- Location of New Bedford in Bureau County, Illinois.
- Coordinates: 41°30′41″N 89°43′06″W﻿ / ﻿41.51139°N 89.71833°W
- Country: United States
- State: Illinois
- County: Bureau
- Township: Greenville

Area
- • Total: 0.155 sq mi (0.40 km^{2})
- • Land: 0.155 sq mi (0.40 km^{2})
- • Water: 0.00 sq mi (0 km^{2})
- Elevation: 630 ft (190 m)

Population (2020)
- • Total: 76
- • Density: 490/sq mi (190/km^{2})
- Time zone: UTC-6 (CST)
- • Summer (DST): UTC-5 (CDT)
- ZIP Code(s): 61346
- Area codes: 815 & 779
- FIPS code: 17-52155
- GNIS feature ID: 2399455

= New Bedford, Illinois =

New Bedford is a village in Bureau County, Illinois, United States. The population was 76 at the 2020 census. It is part of the Ottawa Micropolitan Statistical Area.

==History==

In October 1836, Henry Thomas of West Bureau Township registered land at the narrows (now New Bedford), and for a number of years, it was the only registered tract in that section of the county.
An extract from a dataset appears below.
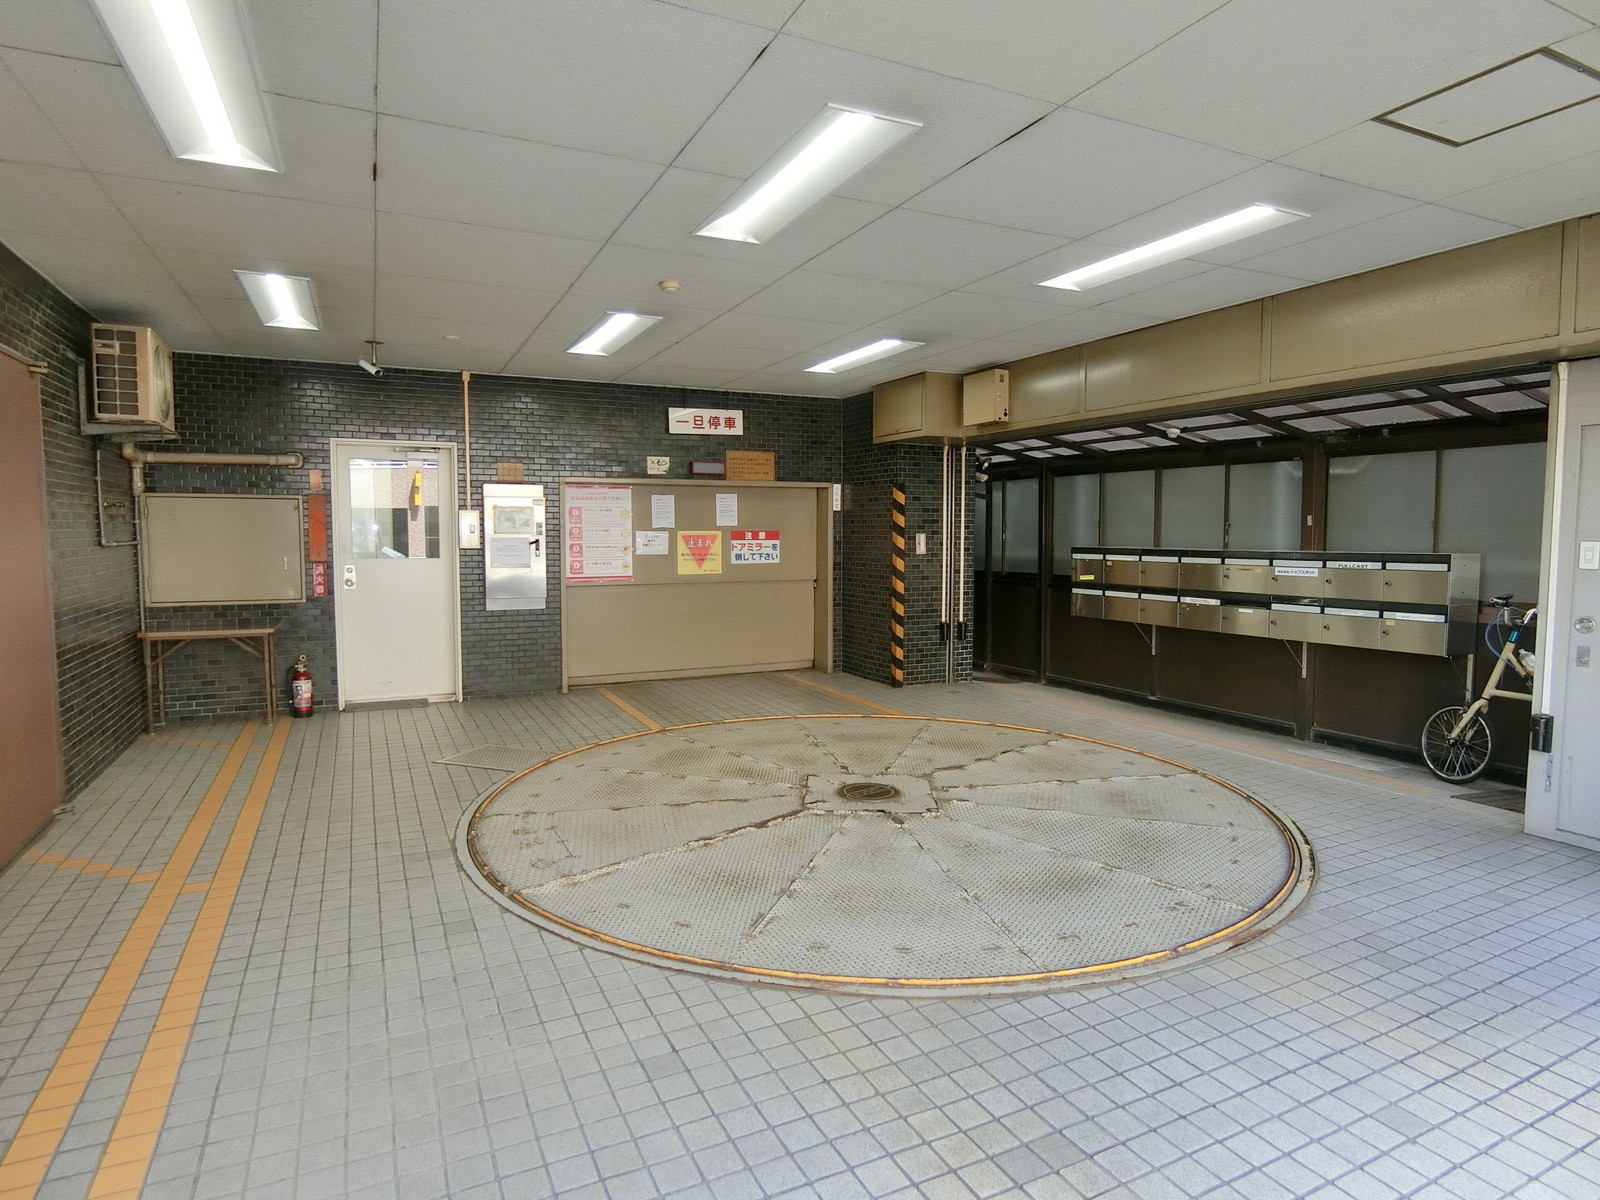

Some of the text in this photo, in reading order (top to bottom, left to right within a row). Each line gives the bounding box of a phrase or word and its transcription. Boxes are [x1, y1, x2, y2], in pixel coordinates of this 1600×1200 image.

Henry Thomas was one of the first settlers to enter land at the narrows, which is now New Bedford, in October of 1836. For quite a few years, his land was the only entered tract in that section of the country. It was formerly laid out and named by the settlers from New Bedford, Massachusetts, and was originally called Winnebago. The post office for Winnebago was established on June 12, 1844,  and was changed to New Bedford on July 31, 1855. New Bedford never had a railroad and remained a small village throughout its history. In 2000, the population was 95. In 2008, the population was 91. In the spring of 1837, Cyrus Watson, the first settler on Green River, built a cabin on Thomas' land, believing it to be vacant. About this time, a state road was laid from Princeton to Prophetstown on the Rock River, crossing the Green River at this point. Henry Thomas built a ferry boat, and for a number of years it was known as Thomas' Ferry.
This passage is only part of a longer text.